- WORK REQUIRED: Output all records exactly, with no images.

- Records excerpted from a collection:
====
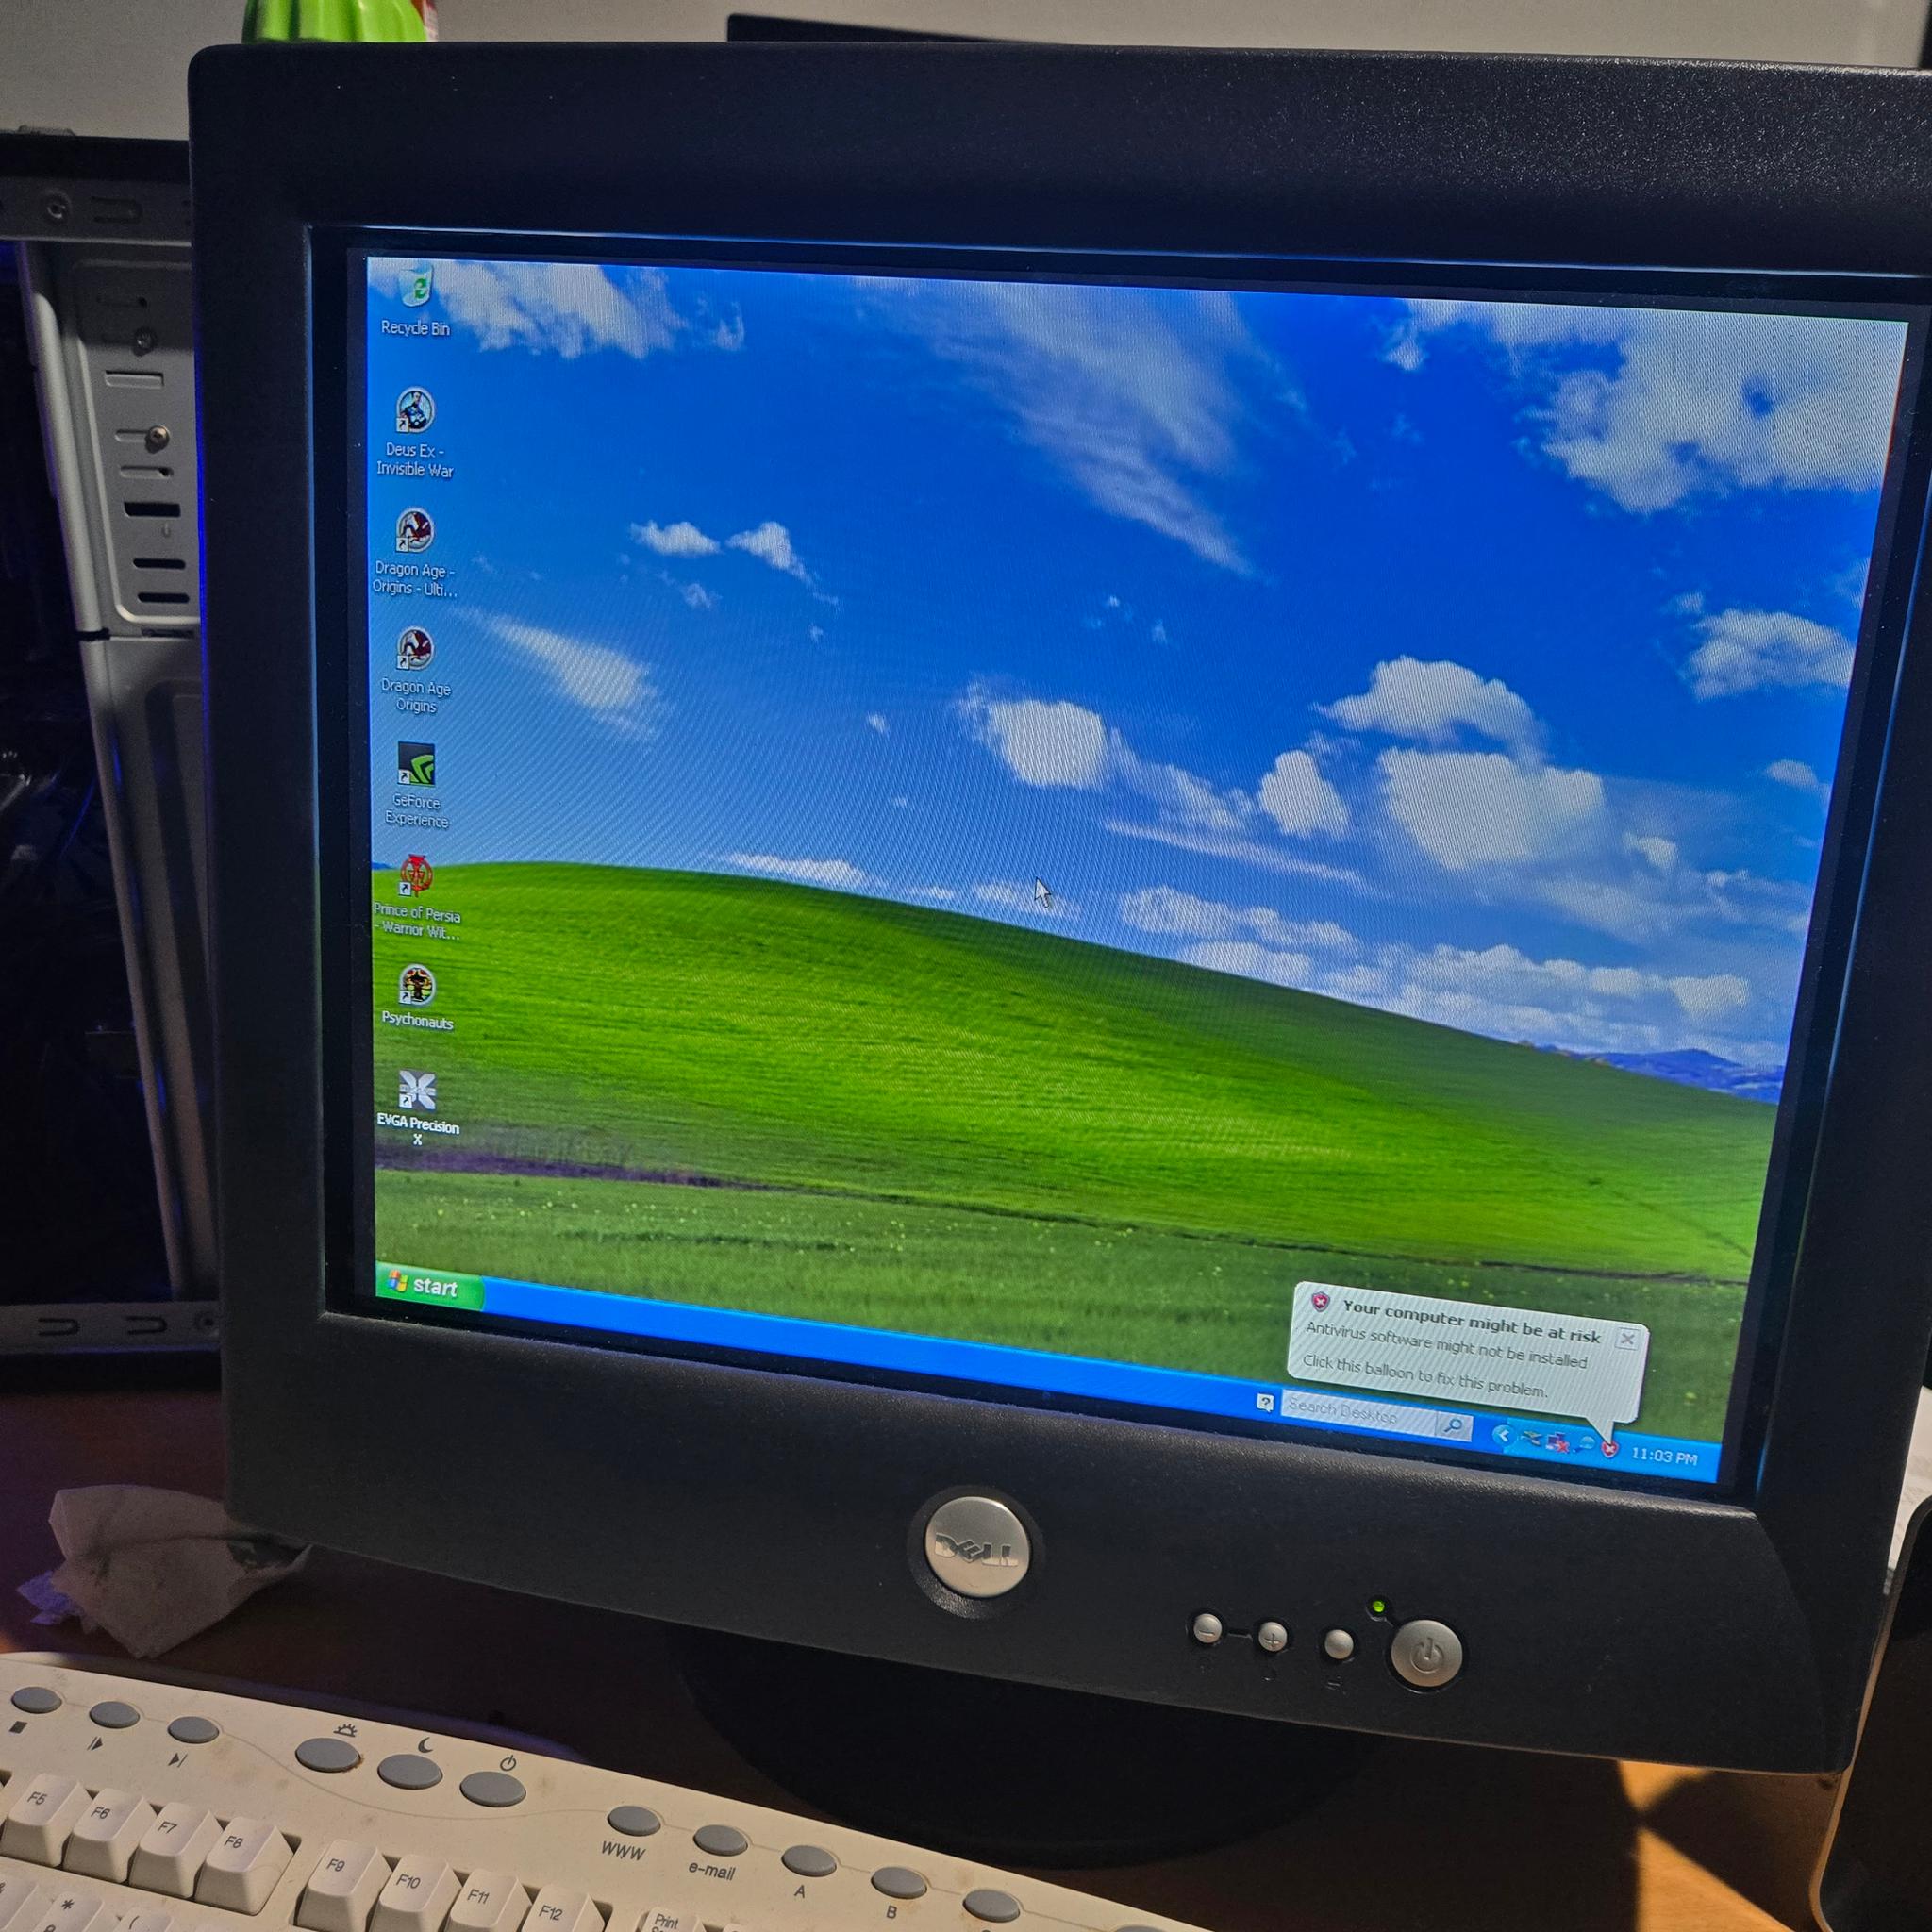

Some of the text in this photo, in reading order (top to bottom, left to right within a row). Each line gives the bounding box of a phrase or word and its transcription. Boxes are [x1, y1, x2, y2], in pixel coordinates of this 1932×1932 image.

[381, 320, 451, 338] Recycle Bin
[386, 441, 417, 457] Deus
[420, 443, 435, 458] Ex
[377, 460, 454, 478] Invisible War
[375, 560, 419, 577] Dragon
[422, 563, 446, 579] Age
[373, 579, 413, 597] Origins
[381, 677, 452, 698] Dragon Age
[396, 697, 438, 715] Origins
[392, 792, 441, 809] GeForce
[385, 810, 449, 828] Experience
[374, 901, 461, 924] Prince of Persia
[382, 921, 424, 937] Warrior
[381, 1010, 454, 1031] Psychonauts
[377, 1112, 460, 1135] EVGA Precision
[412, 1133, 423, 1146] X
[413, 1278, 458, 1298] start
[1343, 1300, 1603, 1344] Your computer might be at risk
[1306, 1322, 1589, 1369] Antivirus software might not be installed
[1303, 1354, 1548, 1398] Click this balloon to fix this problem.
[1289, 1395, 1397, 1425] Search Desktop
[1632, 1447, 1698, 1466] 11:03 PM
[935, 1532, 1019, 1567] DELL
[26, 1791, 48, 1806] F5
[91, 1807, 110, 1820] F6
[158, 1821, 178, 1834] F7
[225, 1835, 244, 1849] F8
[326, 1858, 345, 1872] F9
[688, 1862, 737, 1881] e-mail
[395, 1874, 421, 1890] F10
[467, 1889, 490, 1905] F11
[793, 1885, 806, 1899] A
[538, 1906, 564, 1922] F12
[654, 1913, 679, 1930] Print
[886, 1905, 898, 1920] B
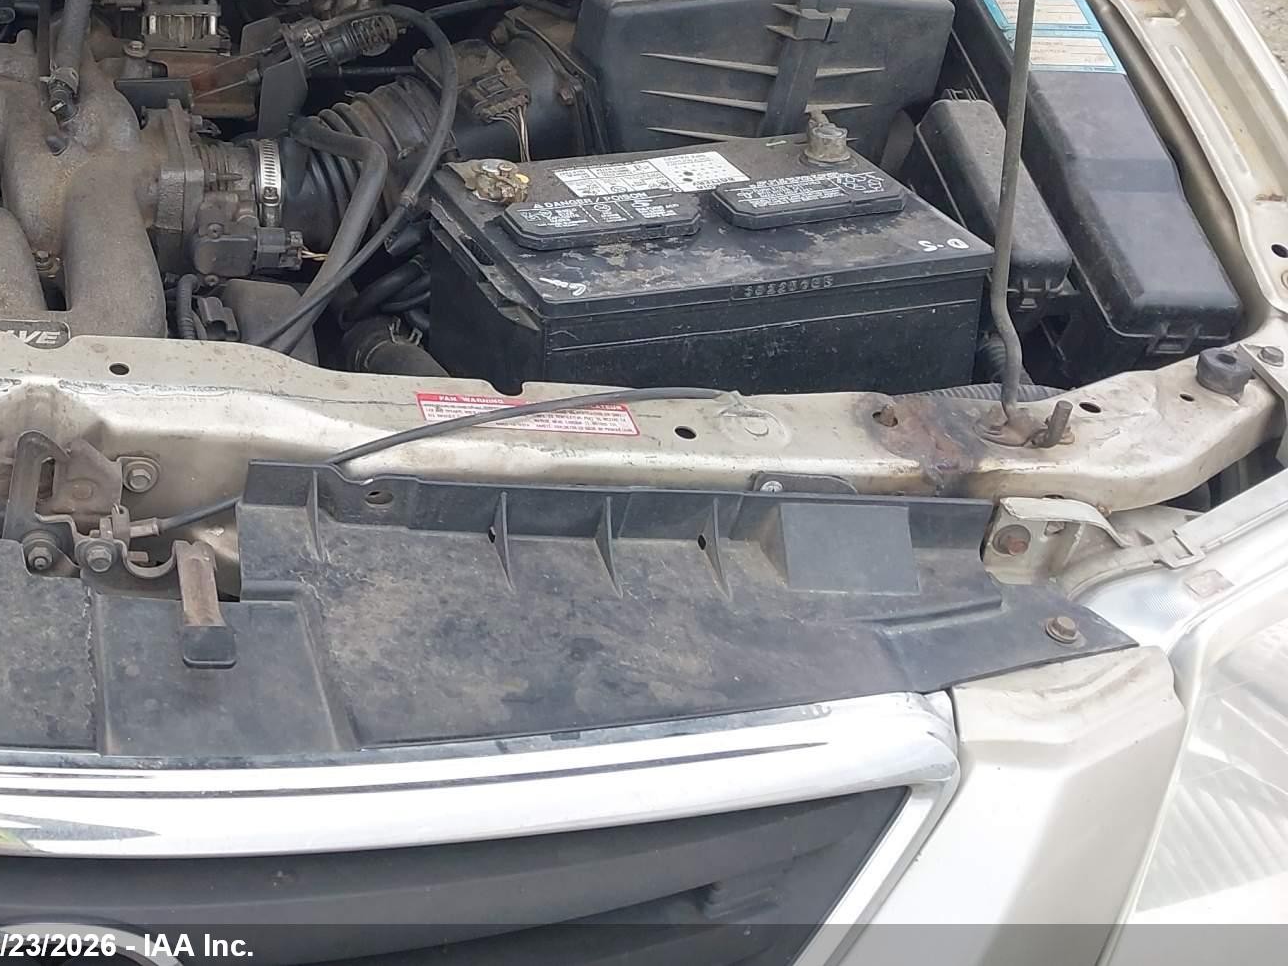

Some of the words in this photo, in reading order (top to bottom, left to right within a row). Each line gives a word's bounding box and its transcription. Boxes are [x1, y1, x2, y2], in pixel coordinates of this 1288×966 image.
====
- WORKED SOLUTION:
Some of the text in this photo, in reading order (top to bottom, left to right within a row). Each line gives the bounding box of a phrase or word and its transcription. Boxes are [x1, y1, x2, y2], in pixel coordinates of this 1932×1932 image.

[381, 320, 451, 338] Recycle Bin
[386, 441, 417, 457] Deus
[420, 443, 435, 458] Ex
[377, 460, 454, 478] Invisible War
[375, 560, 419, 577] Dragon
[422, 563, 446, 579] Age
[373, 579, 413, 597] Origins
[381, 677, 452, 698] Dragon Age
[396, 697, 438, 715] Origins
[392, 792, 441, 809] GeForce
[385, 810, 449, 828] Experience
[374, 901, 461, 924] Prince of Persia
[382, 921, 424, 937] Warrior
[381, 1010, 454, 1031] Psychonauts
[377, 1112, 460, 1135] EVGA Precision
[412, 1133, 423, 1146] X
[413, 1278, 458, 1298] start
[1343, 1300, 1603, 1344] Your computer might be at risk
[1306, 1322, 1589, 1369] Antivirus software might not be installed
[1303, 1354, 1548, 1398] Click this balloon to fix this problem.
[1289, 1395, 1397, 1425] Search Desktop
[1632, 1447, 1698, 1466] 11:03 PM
[935, 1532, 1019, 1567] DELL
[26, 1791, 48, 1806] F5
[91, 1807, 110, 1820] F6
[158, 1821, 178, 1834] F7
[225, 1835, 244, 1849] F8
[326, 1858, 345, 1872] F9
[688, 1862, 737, 1881] e-mail
[395, 1874, 421, 1890] F10
[467, 1889, 490, 1905] F11
[793, 1885, 806, 1899] A
[538, 1906, 564, 1922] F12
[654, 1913, 679, 1930] Print
[886, 1905, 898, 1920] B

Some of the words in this photo, in reading order (top to bottom, left to right within a row). Each line gives a word's bounding box and its transcription. Boxes are [x1, y1, x2, y2], in pixel coordinates of this 1288×966 image.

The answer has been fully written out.